LEWISTON — Tuesday was a long, boring day for students at Lewiston Middle School.
A power outage that happened just as the school day began kept students in their homerooms most of the day. The school was without lights and phones.
Power was restored at 2:50 p.m. The problem was a defective transformer, which Central Maine Power Co. replaced, Human Resources Director Tom Jarvis said.
He said officials discovered early in the morning that lines that feed power to the furnace were not working. “We made a decision, since we had power, that we were all set," Jarvis said. "We were going to have school.”
Minutes later, all of the power went out. It was after 7 a.m. and "the buses were rolling,” he said. Students were on their way. CMP showed up and began working to restore power.
“We made a decision that the kids are safest here in the building, rather than dismissing them” to homes that might be unoccupied, Jarvis said. “We reorganized the day. Students stayed in their classrooms with their teachers, minimizing the amount of moving going on.”
During the outage, the first few hours weren't bad, much like a power outage at home.
“But it's getting a little long now,” said eighth-grade math teacher Chris Roy. He'd been in the same room with his homeroom students for almost five hours. Students did homework on their laptops or read.
“I started with 11 students. I'm down to four,” he said as students slouched at their desks. Students whose parents showed up to get them were allowed to leave.
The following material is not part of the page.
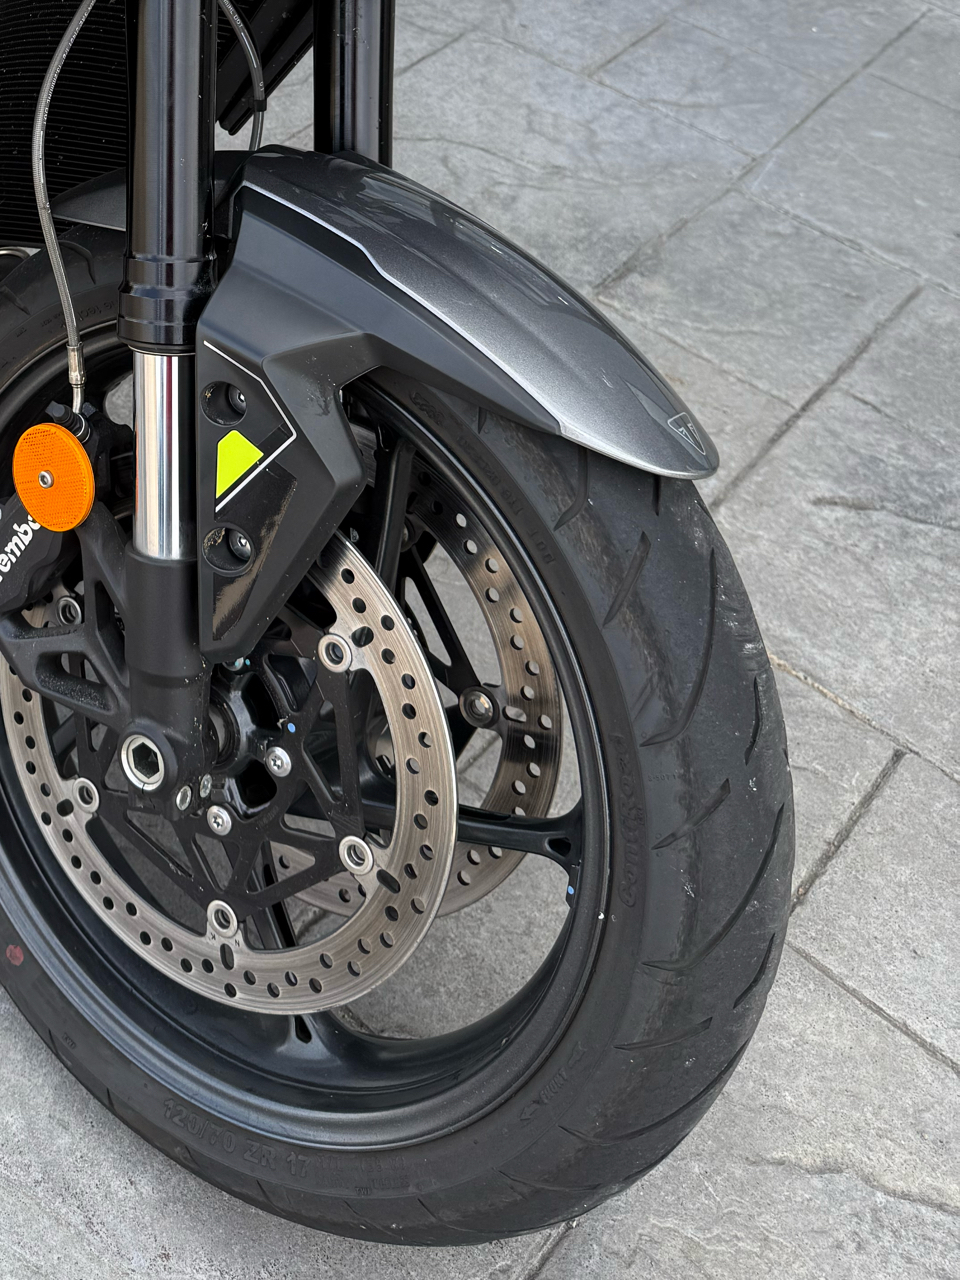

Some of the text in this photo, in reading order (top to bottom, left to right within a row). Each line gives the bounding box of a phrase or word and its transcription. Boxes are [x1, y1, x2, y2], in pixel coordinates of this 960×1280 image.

[164, 1097, 237, 1153] 120/70
[243, 1138, 276, 1170] ZR
[286, 1151, 312, 1177] 17
Many classrooms had plenty of light from windows. But hallways and stairways were dark, making it unsafe for students to change classes.
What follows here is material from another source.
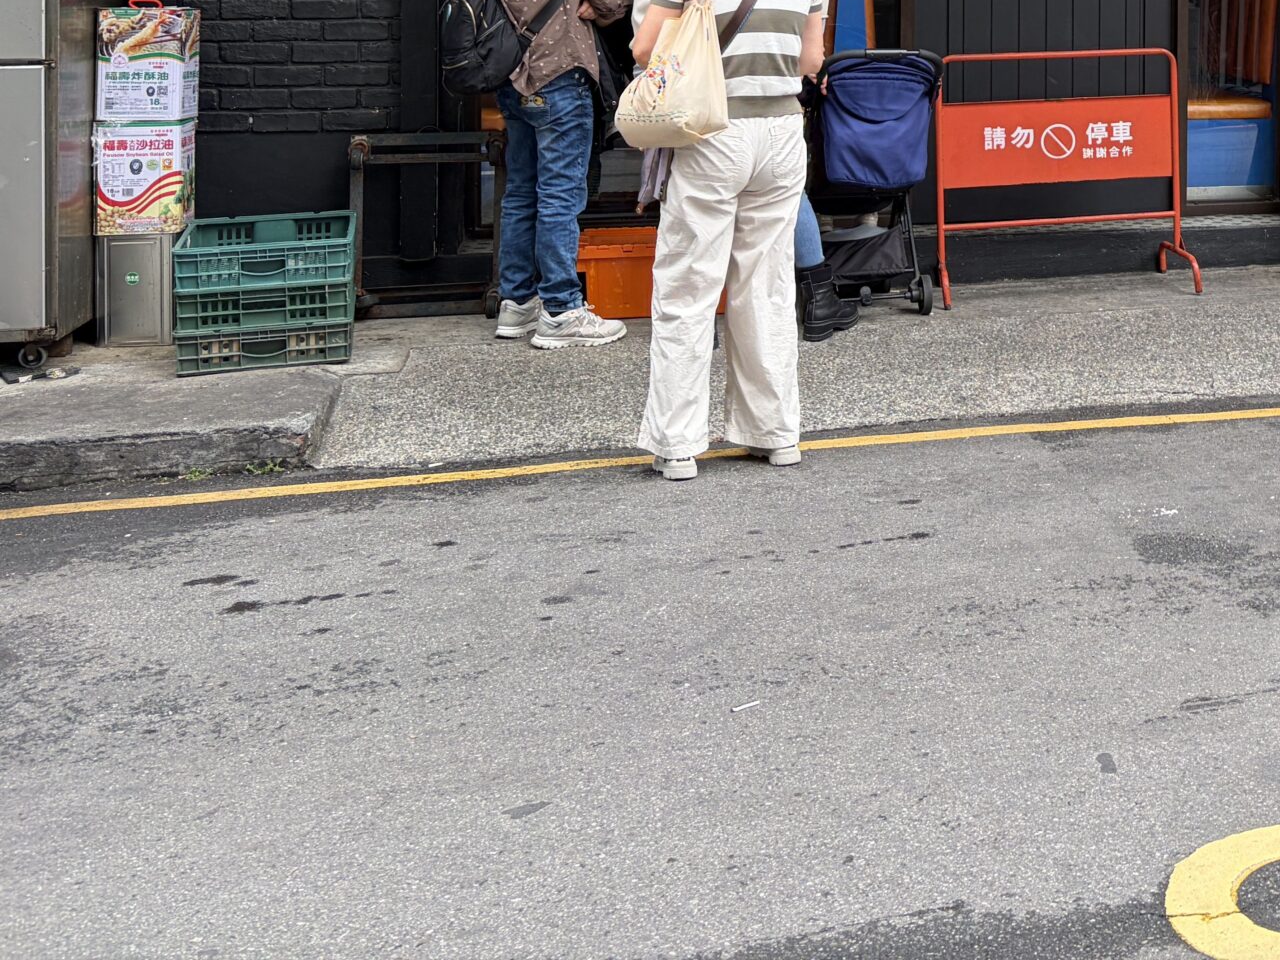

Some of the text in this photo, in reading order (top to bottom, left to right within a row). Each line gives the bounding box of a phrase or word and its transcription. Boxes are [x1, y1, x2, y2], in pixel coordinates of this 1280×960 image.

Staff prepared cold lunches that were delivered to homerooms.
“We sent out phone messages letting parents know the middle school was without power and CMP is on the scene,” Jarvis said. “We assured parents that the building is warm. The students are safe. We're providing meals. We'd be dismissing at normal dismissal time.”
Initially, officials hoped the power would be out for only an hour. At first the emergency lights came on. By noon, the batteries had died. Maintenance crews rounded up flashlights. “It's taken longer for CMP to address the problem,” Jarvis said.
It was time for Plan B. Class by class, students were taken to the armory next door for the day's dismissal. “It's safer to dismiss over there where we do have light,” Jarvis said.
After-school activities, including parent-teacher conferences, were canceled, he said.
With phones out, staff used cell phones and radios, Jarvis said. Many students called their parents on their cells, asking them to come and pick them up.
Many parents did. At noon, a long line of parents waited to get to the main office, show their identification and pick up their students. The parent line snaked from the main office, across a corridor, down two flights of dark stairs, across the lobby and to the Central Avenue door.
“My son called and said, 'Come get me. We have no power. We can leave.' That's all I know,” said parent Wanda Lebrun.
“The kids are bored to tears,” teacher Gisele Cyr said. “It's like being in a car with your children (who ask), 'Are we there yet?' multiplied by a whole classroom.” Students were behaving well, she said.
“You would never convince me at 7:30 this morning this would go as smoothly as it has. The kids have been marvelous,” said U.S. history teacher Dave Martel.
School is on for Wednesday. Everything's all set, Jarvis said.